Balancing multiplayer RTS games -- a herculean task?

Komi is added to the White player’s “score” after the game, to alleviate the advantage you get by playing first with black.
They started using it in the second half of the 19th-start of the 20th century.
The recent change is for all the tournaments run by the Japanese Go Association and was implemented because of stats showing that 52% of all games the past 5 years was won by black.

The recent change is for all the tournaments run by the Japanese Go Association and was implemented because of stats showing that 52% of all games the past 5 years was won by black.

Isn’t that basically a one-to-one ratio? Is that one less point on the komi really going to level off that “unbalanced” two percent of black victories? Totally insane logic - you’d be lucky to get a one-to-one ratio flipping a coin a thousand times, let alone in a game of strategy.

It’s a doggone shame that living in Europe hasn’t improved your crappy American math skills.

I’ve played what must be over a thousand online games, and beta tested multiple online RTS games, and I have come to the conclusion that they are beyond being balanced. Because the whole process of strategic development in these games is evolutionary, as wumpus says, with players scanning other players recorded games and picking the strong strategies and discarding the weak, the ultimate strategy very quickly comes to be the dominant one. You can experience it in AoM, and I am sure WC3 is the same or worse, where one of the great players will upload their latest strategy, showing them beating down the last “greatest strat ever”, and the very next day you will be facing Loki hersir rush after Loki hersir rush. The speed at which strategies spread is phenomenal.

Personally I think the only way to deal with balancing in RTS, which I believe is vital if you want to keep the punters coming back for more in your next release, is to treat the game as if it were a living growing thing, and I believe that is the game plan of both Blizzard and ES. I would take it a step father than it is at present, with a small team of dedicated workers alternately nerfing and boosting various units and civs, and try and automate the whole process. With all of the stats being uploaded onto the matchmaking servers, it’s a natural progression to use these stats to feedback into the game and alter the game balance on the fly, as the strategies within the system evolve.

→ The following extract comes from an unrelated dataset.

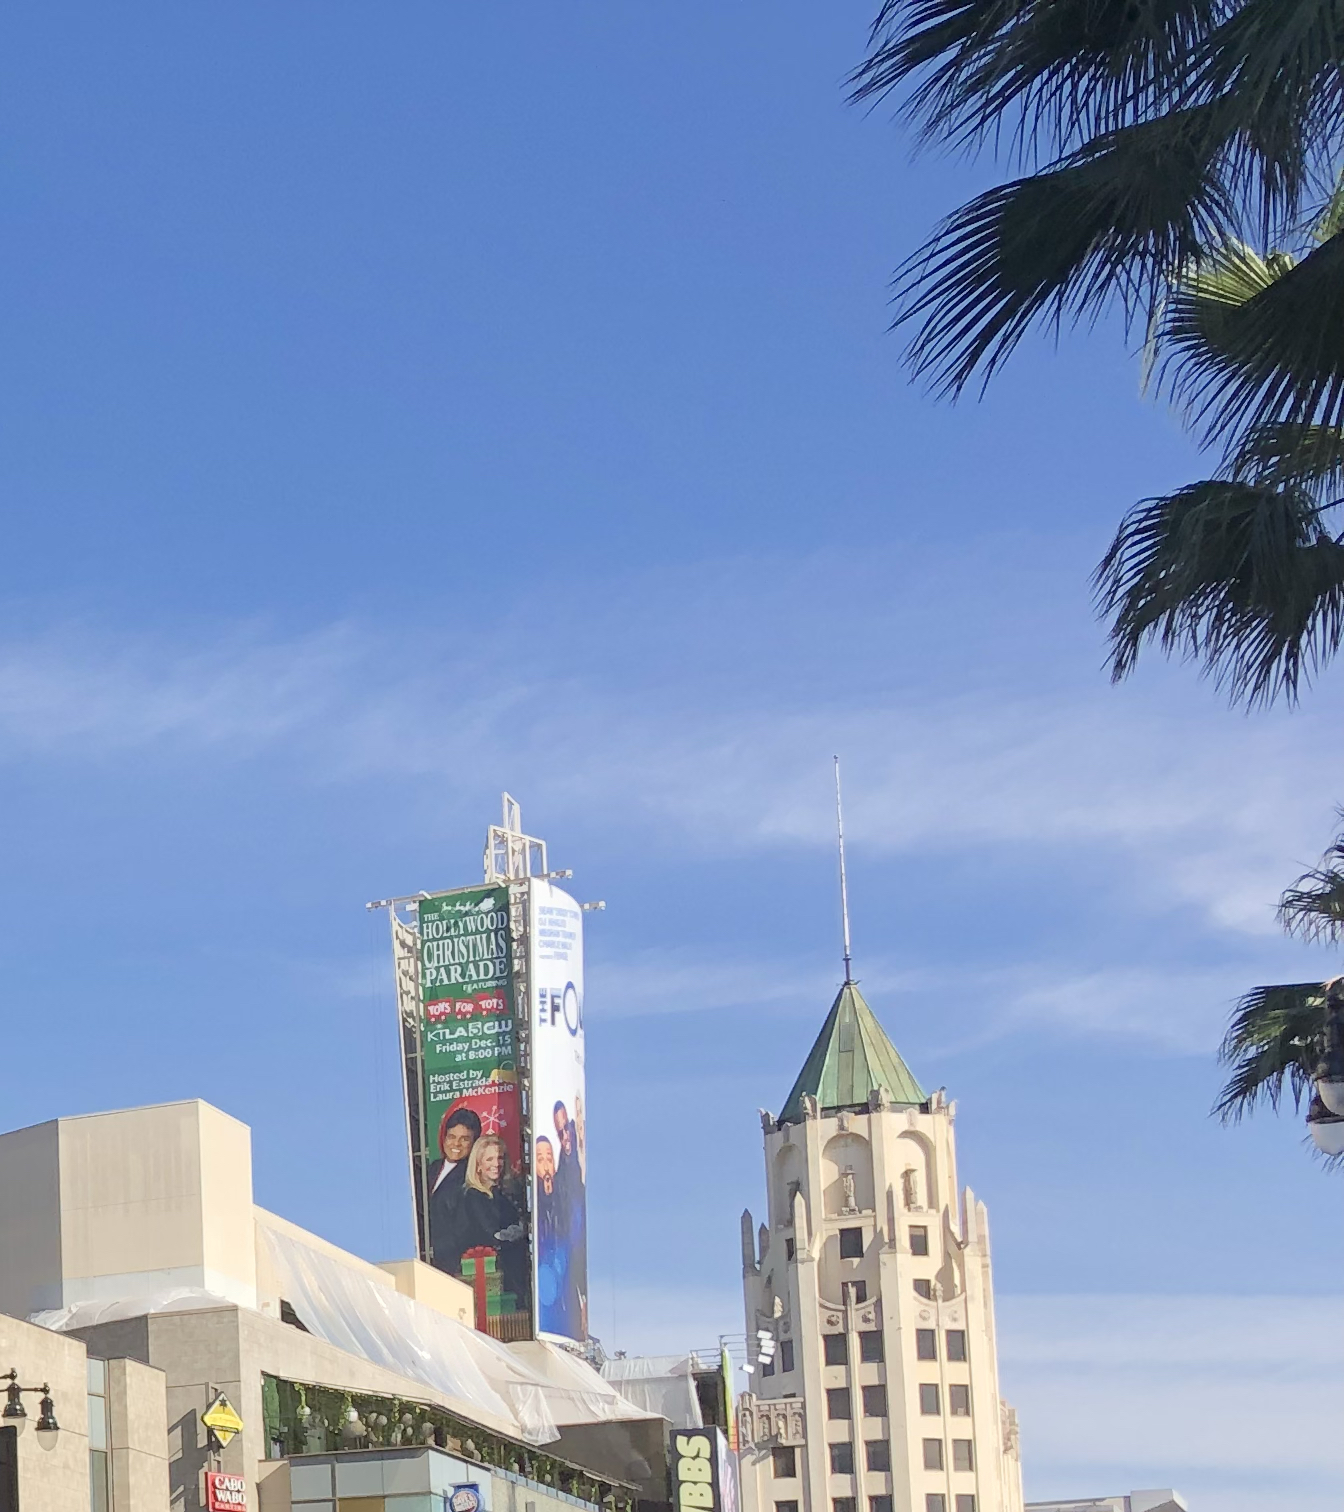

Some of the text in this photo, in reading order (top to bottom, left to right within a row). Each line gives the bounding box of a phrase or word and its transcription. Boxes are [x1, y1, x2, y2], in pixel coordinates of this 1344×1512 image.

Instead of having the strengths and costs of units and techs defined off-line, these values could be held online, and altered in response to how they are used in games. If human casters are being used too much, increase their cost gradually until they fall into line. If Egyptian slingers are dying to often to the archer units they are supposed to counter, then increase their pierce armour. And if units aren’t being used much at all, then increase their attractiveness by lowering the price or upping their stats until they become more popular. This system would never expect to achieve balance, but it could maintain it for long periods, with minimum interference.

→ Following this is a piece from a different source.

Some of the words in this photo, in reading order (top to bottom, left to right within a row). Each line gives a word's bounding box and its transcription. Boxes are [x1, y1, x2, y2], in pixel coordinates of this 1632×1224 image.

The constantly changing game would also present a constant challenge to jaded RTSers, like myself, who have played one game too many :D.

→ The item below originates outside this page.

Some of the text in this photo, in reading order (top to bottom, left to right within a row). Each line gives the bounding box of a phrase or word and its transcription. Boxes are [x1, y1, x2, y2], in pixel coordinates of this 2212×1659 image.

No. Based on a presumed sample size of millions of games, it’s reasonable to assume that for a binomial distribution, a mean of .52 does not represent a p of 0.5.

It will certainly push the mean towards white victories.

I couldn’t agree more.

What you’ve described is also the way that collectable card games (like Magic: The Gathering) do it. What makes it all gel is that it’s also their profit model.

I’ve managed to pull bits and pieces of this type of development together when I was at Cartoon Network Online. I wrote a development document for a collectable cardgame on Cartoon Orbit that’s up and running now.

The irony is that because they the rules come out of synergy, rather than creating and balanceing the thing whole hog, these kinds of games are far simpler to test and implement then the RTS or RPG genres, and break by design, not by accident. They also get a much bigger audience.

I’m still looking to find the company that will give me the opportunity to do it right.